TASK TO COMPLETE =
All records should be reproduced verbatim.

INPUT FOR THIS TASK =
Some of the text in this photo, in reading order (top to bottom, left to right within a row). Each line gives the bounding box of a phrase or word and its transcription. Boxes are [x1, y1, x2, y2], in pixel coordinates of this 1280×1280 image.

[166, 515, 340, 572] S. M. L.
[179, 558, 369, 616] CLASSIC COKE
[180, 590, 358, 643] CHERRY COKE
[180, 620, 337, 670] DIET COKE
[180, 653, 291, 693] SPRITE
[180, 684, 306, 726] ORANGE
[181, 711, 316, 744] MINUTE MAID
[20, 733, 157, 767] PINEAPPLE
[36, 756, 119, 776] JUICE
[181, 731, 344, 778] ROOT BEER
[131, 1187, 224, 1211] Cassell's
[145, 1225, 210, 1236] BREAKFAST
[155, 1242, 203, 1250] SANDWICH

SOLUTION TO THIS PROBLEM =
Some of the text in this photo, in reading order (top to bottom, left to right within a row). Each line gives the bounding box of a phrase or word and its transcription. Boxes are [x1, y1, x2, y2], in pixel coordinates of this 1280×1280 image.

[166, 515, 340, 572] S. M. L.
[179, 558, 369, 616] CLASSIC COKE
[180, 590, 358, 643] CHERRY COKE
[180, 620, 337, 670] DIET COKE
[180, 653, 291, 693] SPRITE
[180, 684, 306, 726] ORANGE
[181, 711, 316, 744] MINUTE MAID
[20, 733, 157, 767] PINEAPPLE
[36, 756, 119, 776] JUICE
[181, 731, 344, 778] ROOT BEER
[131, 1187, 224, 1211] Cassell's
[145, 1225, 210, 1236] BREAKFAST
[155, 1242, 203, 1250] SANDWICH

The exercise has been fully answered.